Chris brachte die Kinder, nachdem er sie gebadet hatte, ins Bett und las ihnen wie jeden Abend, noch eine Geschichte vor. Normalerweise würden das die Mamas machen, nicht jedoch in seinem Fall. Denn seine Kinder hatten keine Mama mehr. Dass ihre Mama tot war, hatte er ihnen noch nicht gesagt. Für sie wäre es besser, wenn sie bei dem Glauben blieben, ihre Mutter hätte sie verlassen und wohne nun woanders. Doch irgendwann würde er es ihnen sagen müssen, - und davor hatte er heute schon Angst.
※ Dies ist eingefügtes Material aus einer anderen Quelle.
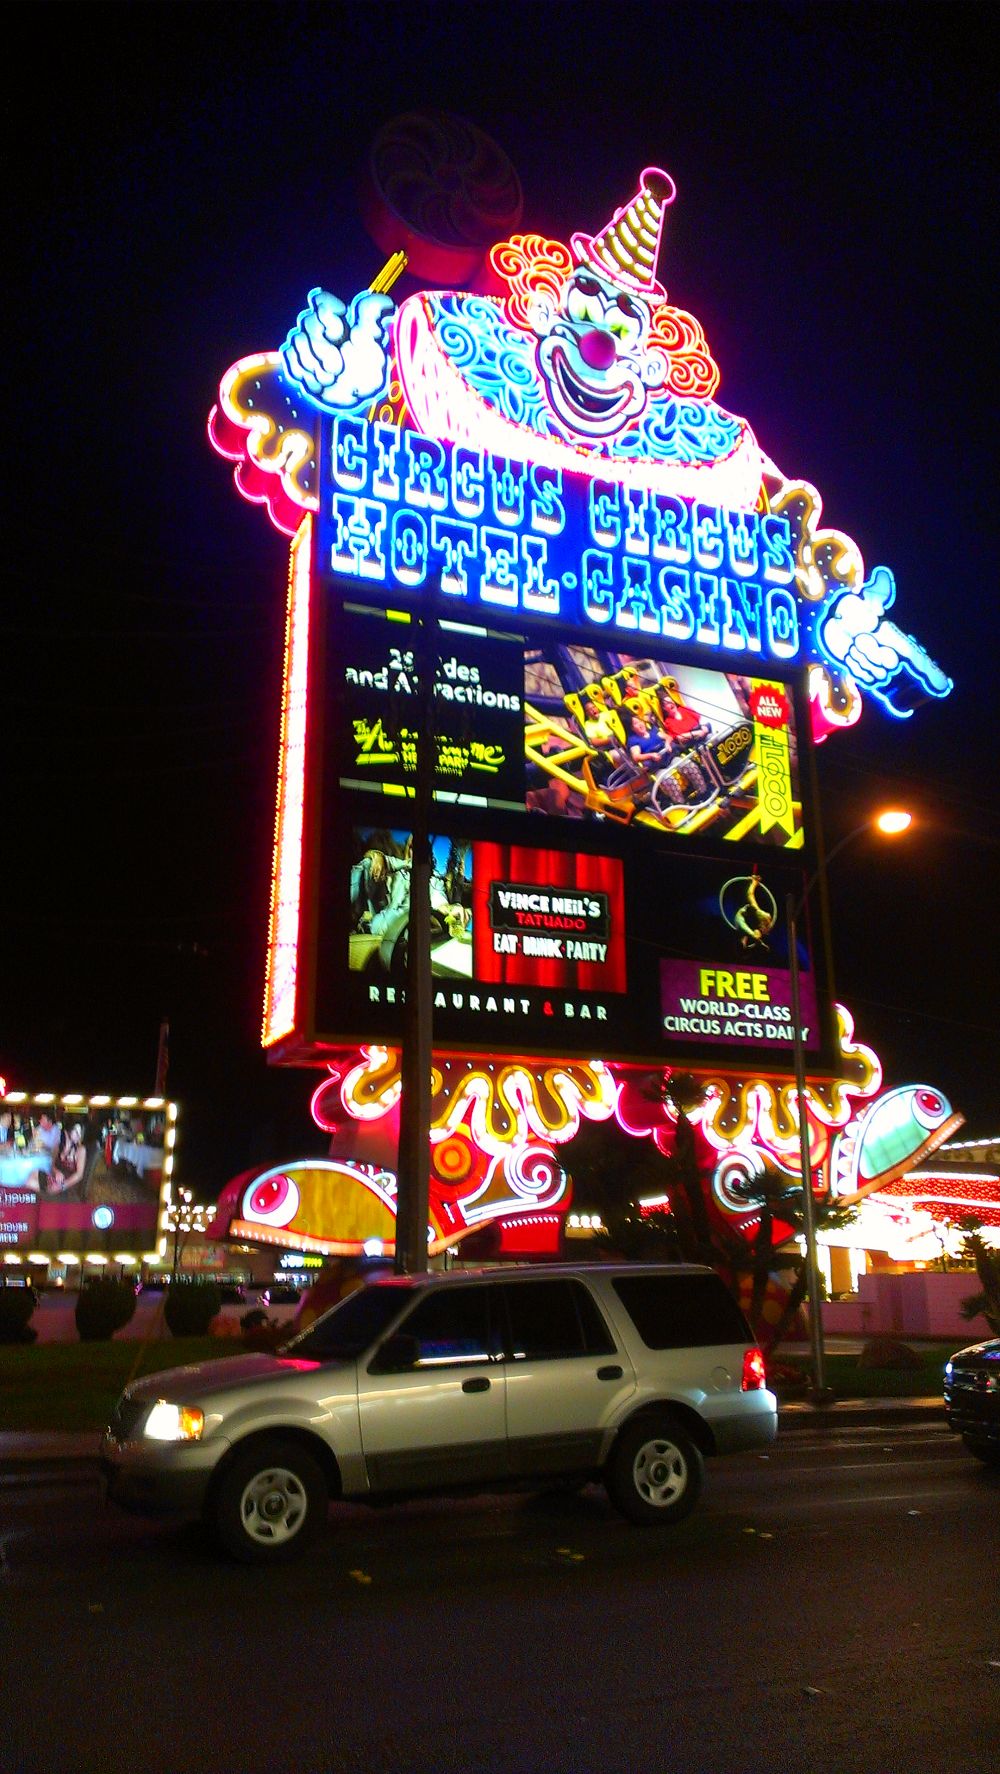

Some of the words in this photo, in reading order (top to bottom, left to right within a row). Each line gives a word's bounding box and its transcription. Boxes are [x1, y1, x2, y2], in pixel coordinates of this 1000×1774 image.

[332, 415, 566, 536] CIRCUS
[589, 477, 795, 585] CIRCUS
[331, 492, 561, 614] HOTEL
[582, 548, 800, 659] CASINO
[345, 666, 389, 691] and
[394, 671, 521, 712] Aractions
[759, 695, 778, 707] ALL
[757, 706, 783, 718] NEW
[497, 890, 550, 912] VINCE
[551, 897, 601, 918] NEIL'S
[515, 911, 587, 932] TATUADO
[493, 932, 519, 955] EAT
[566, 940, 608, 963] PARTY
[699, 968, 771, 1002] FREE
[368, 985, 531, 1015] REAURANT
[542, 1001, 554, 1017] &
[564, 1002, 608, 1021] BAR
[679, 998, 792, 1022] WORLD-CLASS
[663, 1015, 721, 1036] CIRCUS
[723, 1020, 764, 1039] ACTS
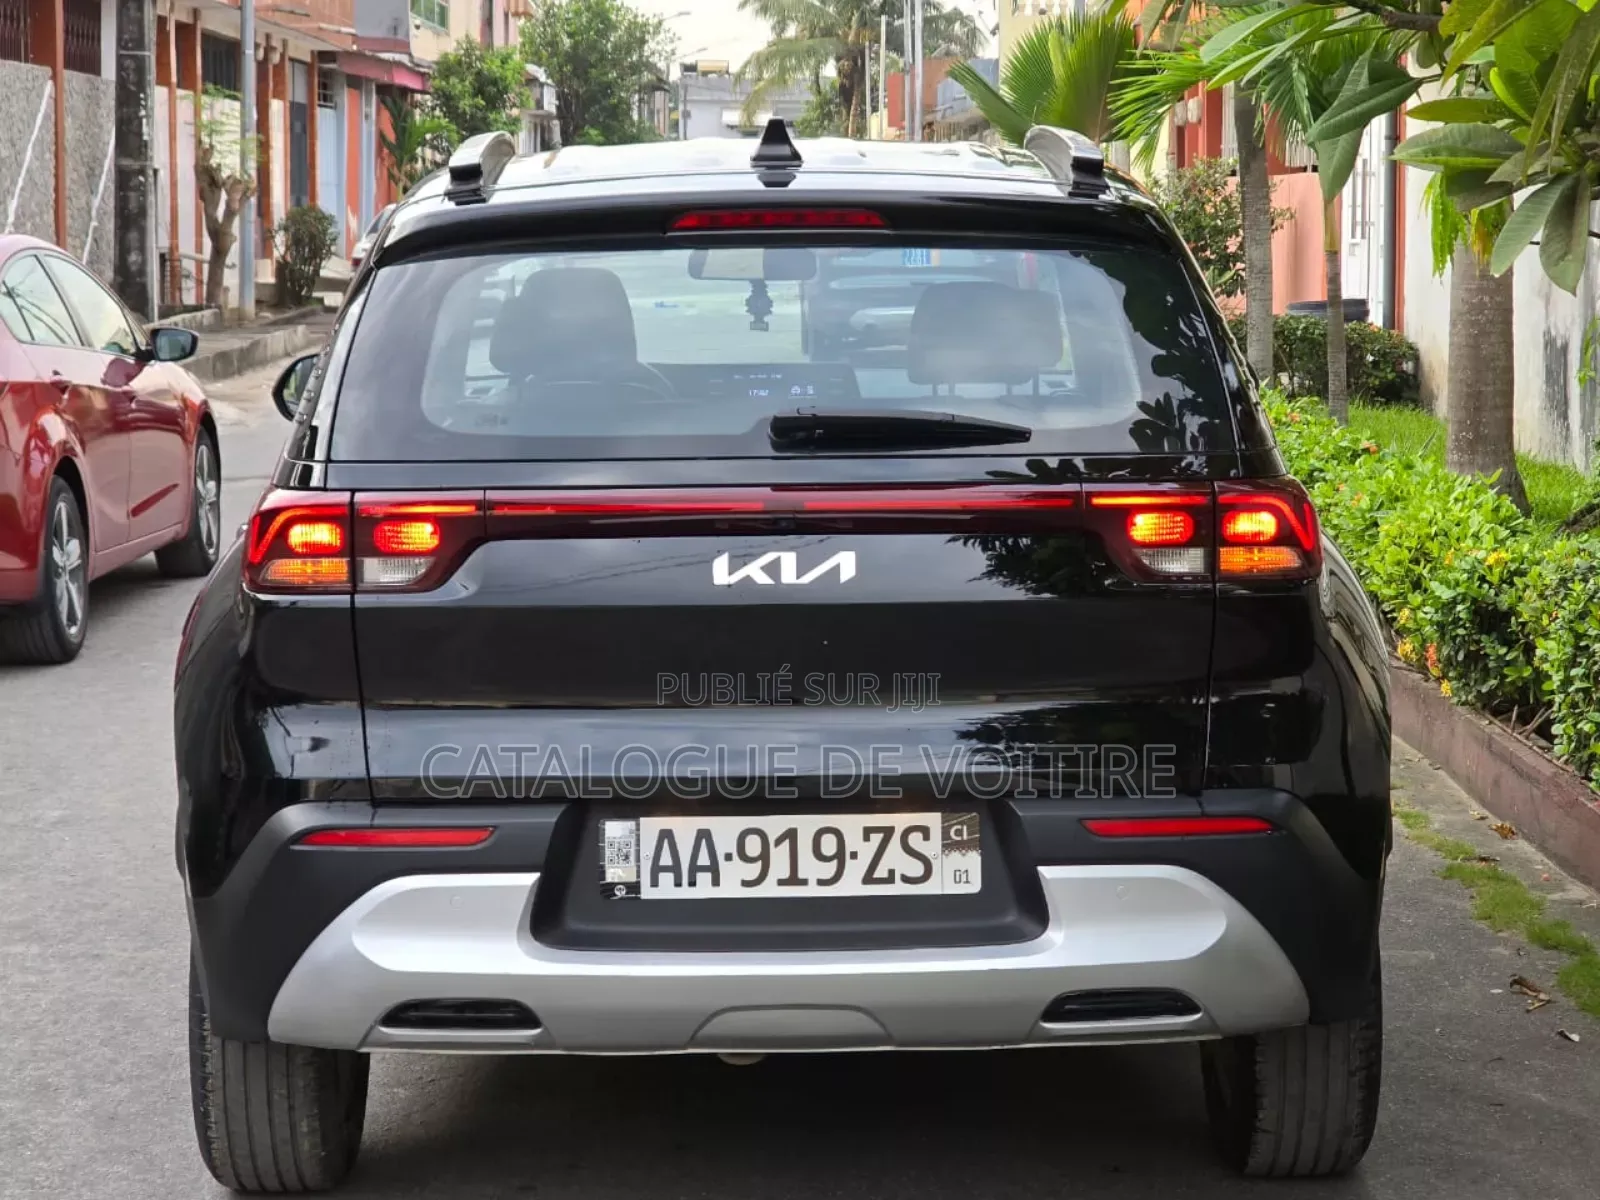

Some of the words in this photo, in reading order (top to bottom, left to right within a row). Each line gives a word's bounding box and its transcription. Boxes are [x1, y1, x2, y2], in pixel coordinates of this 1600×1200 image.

„So ihr Mäuse, nun wird geschlafen“.
„Daddy?“
„Ja?“
„Kommt morgen wieder so eine doofe Frau?“
„Nein, meine Süße morgen nicht. Und nun Augen zu, und schlafen. Gute Nacht!“, sagte Chris und gab seinen Mädchen noch einen Kuss, bevor er das Zimmer verließ, und nach unten ins Wohnzimmer ging. Oh Mann! Was tat er da seinen Kindern nur an ging es ihm durch den Kopf, als es an der Tür klingelte. Etwas verdutzt schaute er auf die Uhr. Es war kurz nach sieben, wer könnte denn jetzt noch kommen? Chris öffnete die Tür und traute seinen Augen kaum. Er blickte auf den Rücken einer Dame mit einem Rotbraunen Pagenschnitt, langen Beinen und einem süßen Hintern.